Eu tive que vos fazer ouvir uma voz tanto mais severa quanto mais espera de vós o Espírito de Verdade, mestre de todos nós. Lembrai-vos de que fazeis parte da vanguarda espírita e que a vanguarda, como o estado-maior, deve a todos o exemplo de uma submissão absoluta à disciplina estabelecida. Ah! Vossa obra não é fácil, porquanto vos cabe a tarefa de levar com mão vigorosa o machado às sombrias florestas do materialismo e perseguir até às suas últimas trincheiras os interesses materiais coligados.
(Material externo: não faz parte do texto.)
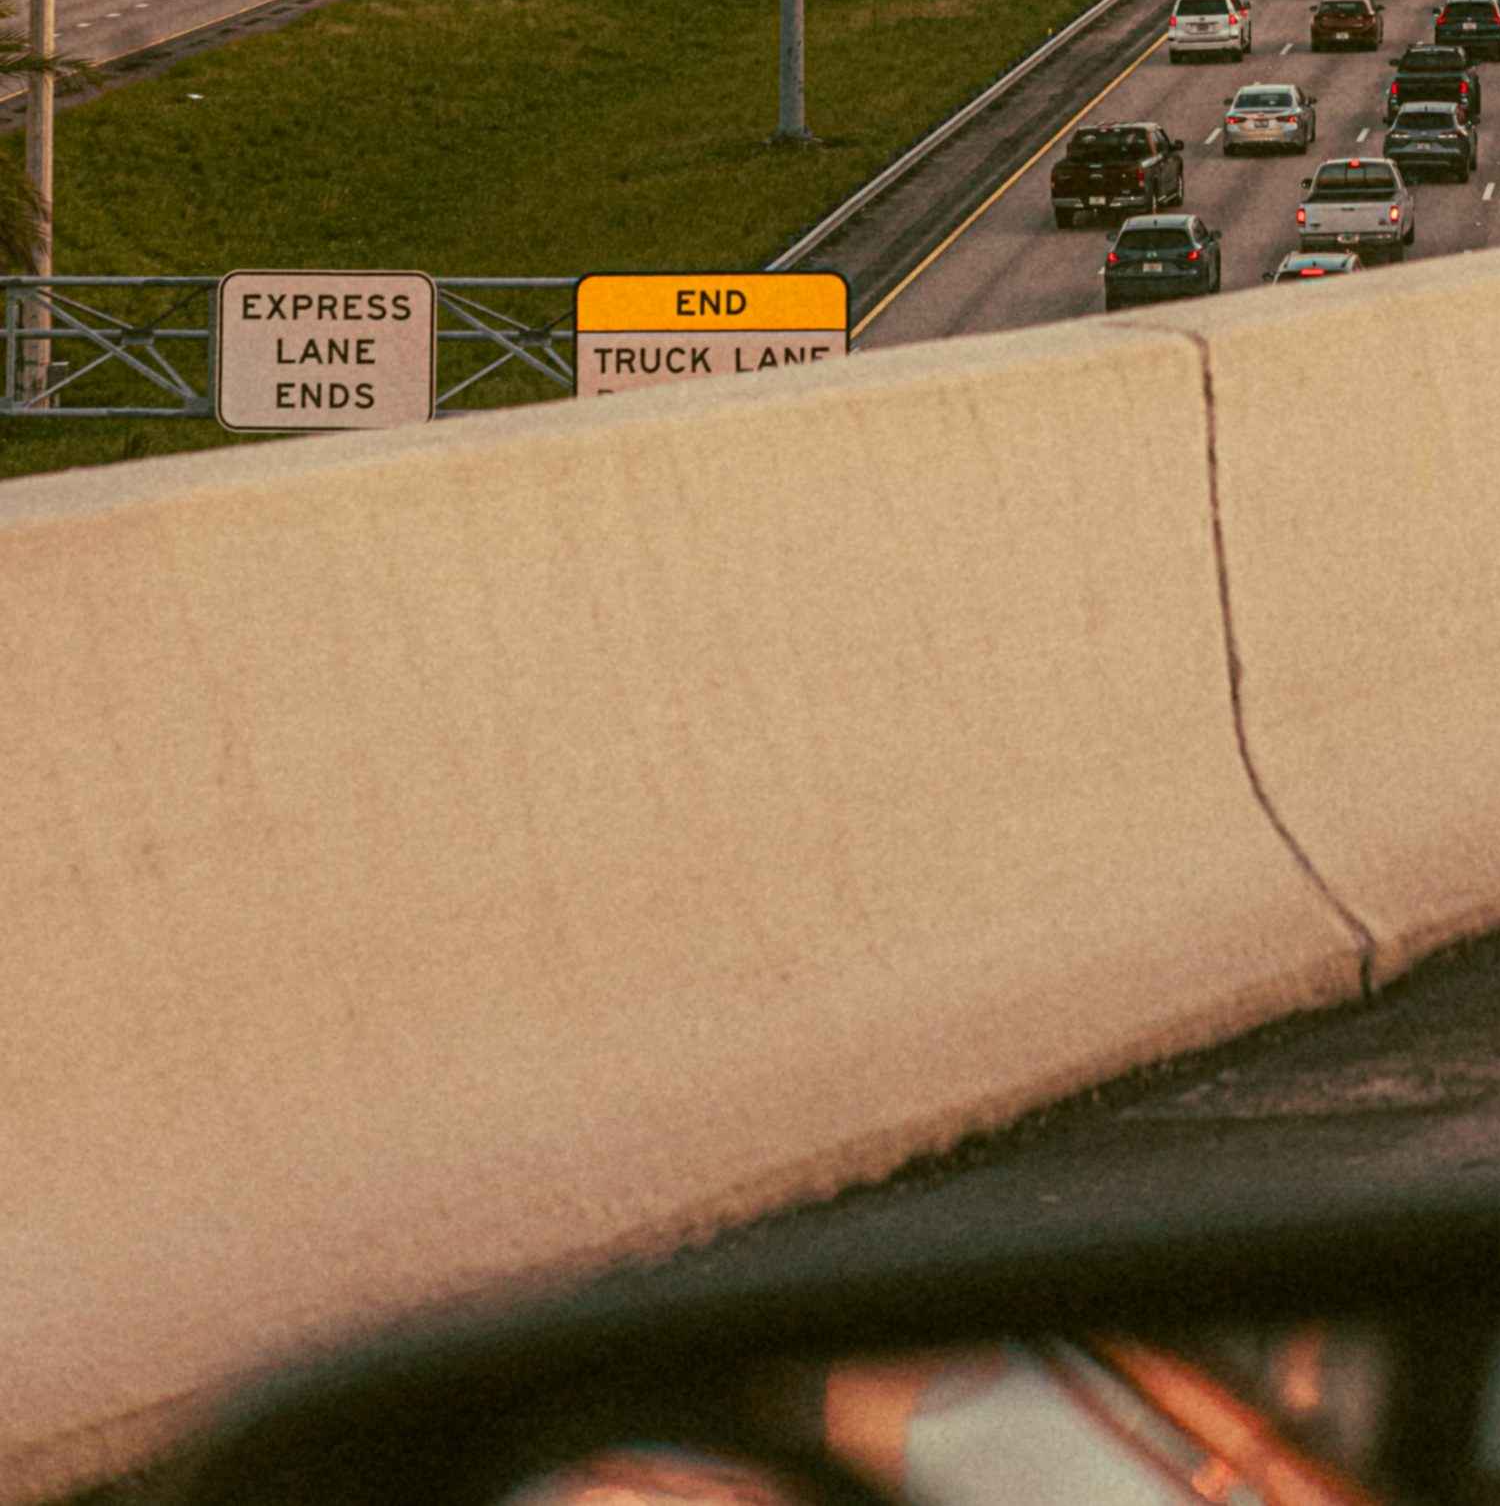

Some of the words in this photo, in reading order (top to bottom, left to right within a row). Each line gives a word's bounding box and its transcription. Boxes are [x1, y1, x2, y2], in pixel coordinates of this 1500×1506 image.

Novos Jasons, marchais à conquista do verdadeiro tosão de ouro, isto é, dessas ideias novas e fecundas que devem regenerar o mundo, mas, nesse caso, já não marchais no interesse privado, nem mesmo no da geração atual, mas, sobretudo no das gerações futuras, para as quais preparais os caminhos. Há nesta obra um cunho de abnegação e de grandeza que ferirá de admiração e de reconhecimento os séculos futuros e, crede-me, Deus saberá vos levar isto em conta. Tive que vos falar como falei, porque me dirijo a criaturas que escutam a razão; a homens que perseguem seriamente um objetivo eminentemente útil: a melhora e a emancipação da raça humana; a espíritas, enfim, que ensinam e pregam pelo exemplo, que o melhor meio para lá chegar está na prática das verdadeiras virtudes cristãs. Tive que vos falar assim, porque era necessário premunir-vos contra um perigo, vo-lo mostrando. Este era meu dever, e venho cumpri-lo. Assim, agora posso encarar o futuro sem inquietude, porque estou convencido de que minhas palavras serão proveitosas a todos e a cada um, e que o egoísmo, o amor-próprio ou a vaidade de agora em diante não terão poder sobre os corações em que reinará completamente a verdadeira fraternidade.

Vós vos lembrareis, espíritas de Bordéus, que vossa união é o verdadeiro encaminhamento para a união e a fraternidade universal. A esse respeito, sinto-me feliz, muito feliz, por poder constatar claramente que o Espiritismo, por si, vos impulsionou a dar um passo à frente. Recebei, pois, nossas felicitações, pois aqui falo em nome de todos os Espíritos que presidem a grande obra da regeneração humana, já que, por vossa iniciativa, abriu-se um novo campo de exploração e uma nova causa de segurança nos estudos dos fenômenos de Além-Túmulo, por vosso pedido de filiação, não como indivíduos isolados, mas como grupo compacto, à Sociedade iniciadora de Paris. Pela importância desse passo, reconheço a alta sabedoria dos vossos guias principais e agradeço ao terno Fénelon e seus fiéis coadjutores Georges e Marius, que com ele presidem às vossas piedosas reuniões de estudo. Aproveito esta circunstância para, igualmente, dar um sonoro testemunho aos Espíritos Ferdinand e Felícia, que todos conheceis. Embora estes dignos colaboradores tenham apenas feito o bem pelo bem, é bom saberdes que é a esses modestos pioneiros, secundados pelo humilde Marcelino, que nossa santa doutrina deve ter prosperado tão rapidamente em Bordéus e no sudoeste da França.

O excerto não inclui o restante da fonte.